Beautiful large offset lithography of Sound of Music by Joanne Pemberton Longman. Come in a composite gilded frame.
The frame is 88 cm high and 78 cm long.
Born in 1918, Joanne Pemberton-Longman's creative work was largely inspired by the 1930s. On a global scale this period can be best characterised by the clash between the world’s predominant political philosophies - Marxist Socialism, Capitalist Democracy, and the Totalitarianism of both Communism and Fascism. In Europe, Surrealism continued to be the leading artistic trend; a kind of expression and school of thought that by this time had spread across the globe. In Mexico, artists such as Frida Kahlo and Diego Rivera integrated a number of these philosophies into their radical political ideologies to develop a new kind of magic realism. In the United States, the Great Depression had a great influence on artistic production, with a number of artists taking inspiration from the agrarian and the modest man in the streets. It was the first time in US history that widespread movements of artists began to address politics, and tried to use their art to influence society.
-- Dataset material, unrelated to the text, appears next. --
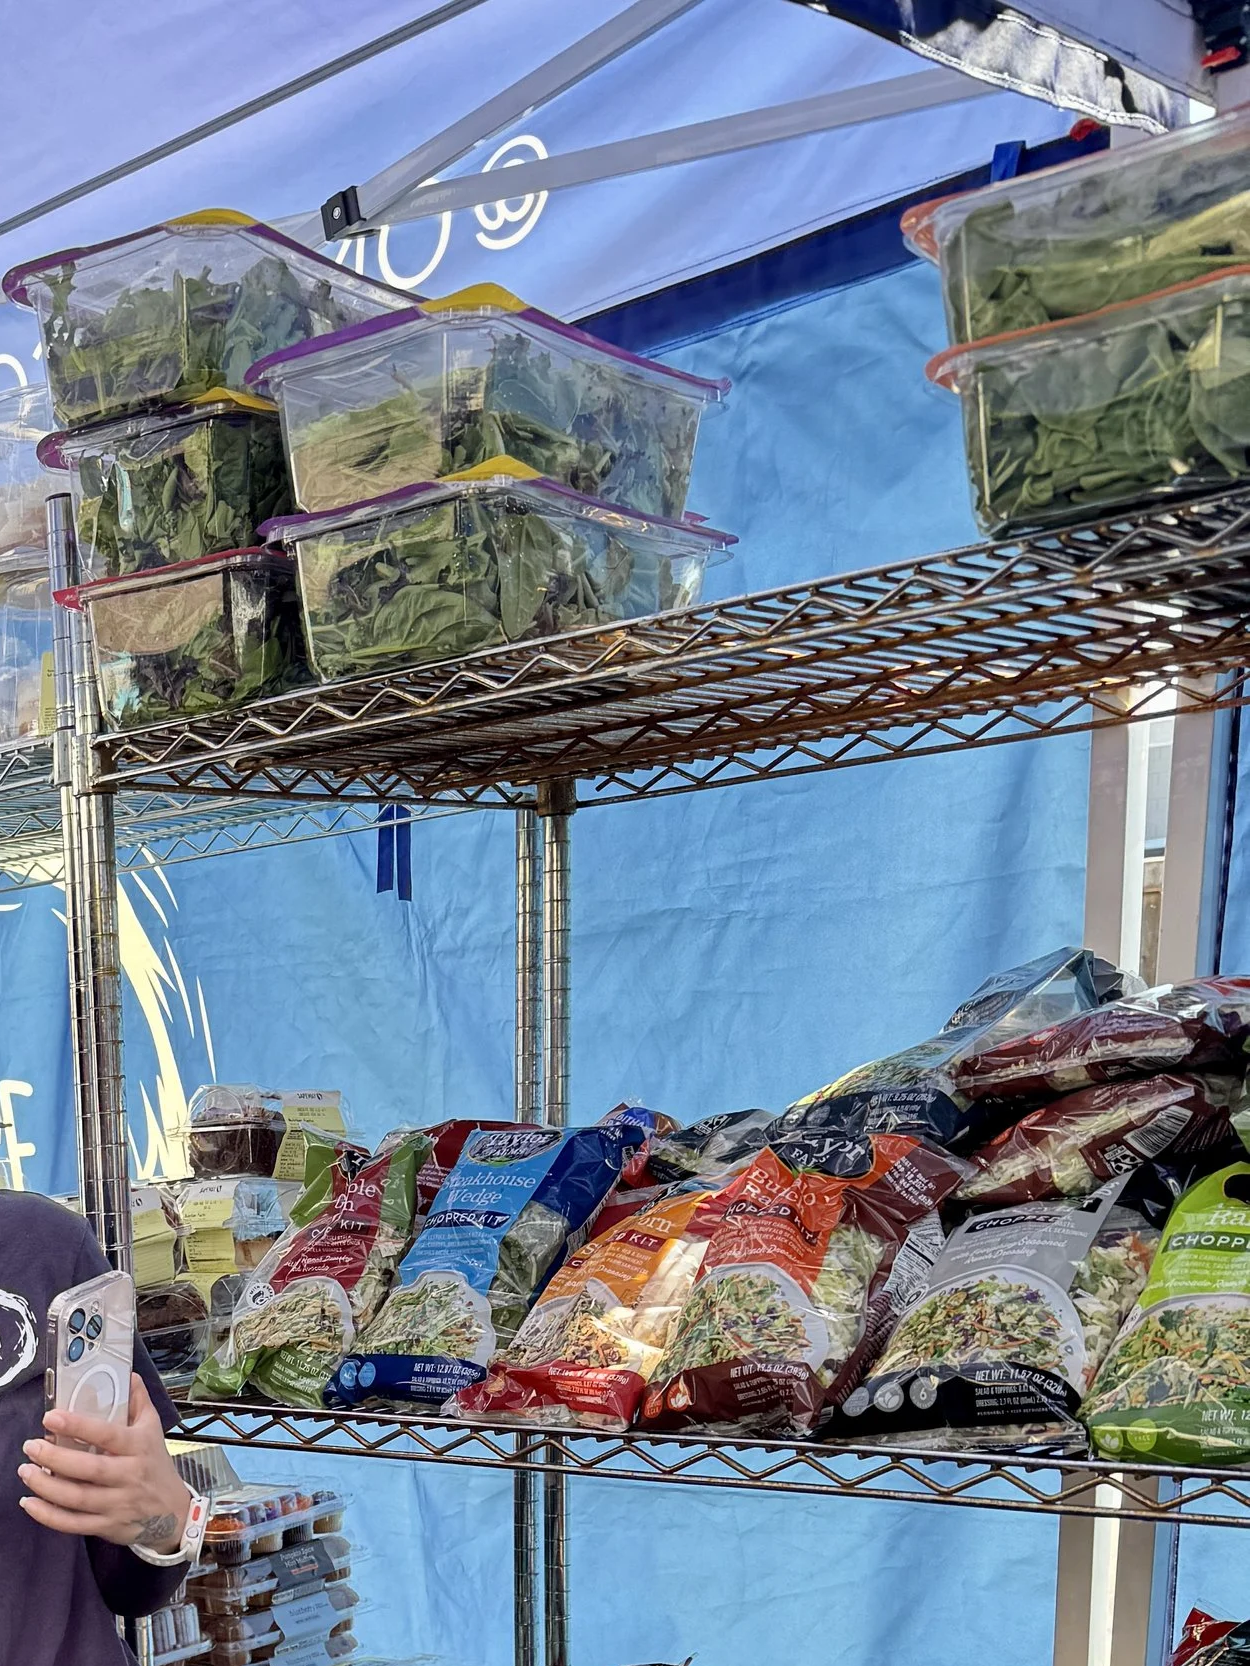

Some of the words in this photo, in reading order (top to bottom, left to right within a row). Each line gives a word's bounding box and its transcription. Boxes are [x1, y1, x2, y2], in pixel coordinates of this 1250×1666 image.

Artists organized exhibitions on social and political themes such as poverty, lack of affordable housing, anti-lynching, anti-fascism, and workers' strikes. In the Soviet Union, Stalin’s government required urgent funds to implement the rapid industrialisation demanded by the first Five Year Plan. It initiated a secret plan to sell off treasures from the State Hermitage Museum in Leningrad (St. Petersburg), including a primary list of two hundred and fifty irreplaceable paintings by the Old Masters, many of which found their way to the collection of Andrew Mellon via the New York based art dealing company, Knoedler. The era assumed a sinister turn with the dawn of National Socialism in Germany, and Adolf Hitler’s rise to power in 1933. The decade would culminate in the inset on the Second World War; a political and social uproar that preoccupied not only artists, but great swathes of the world’s population.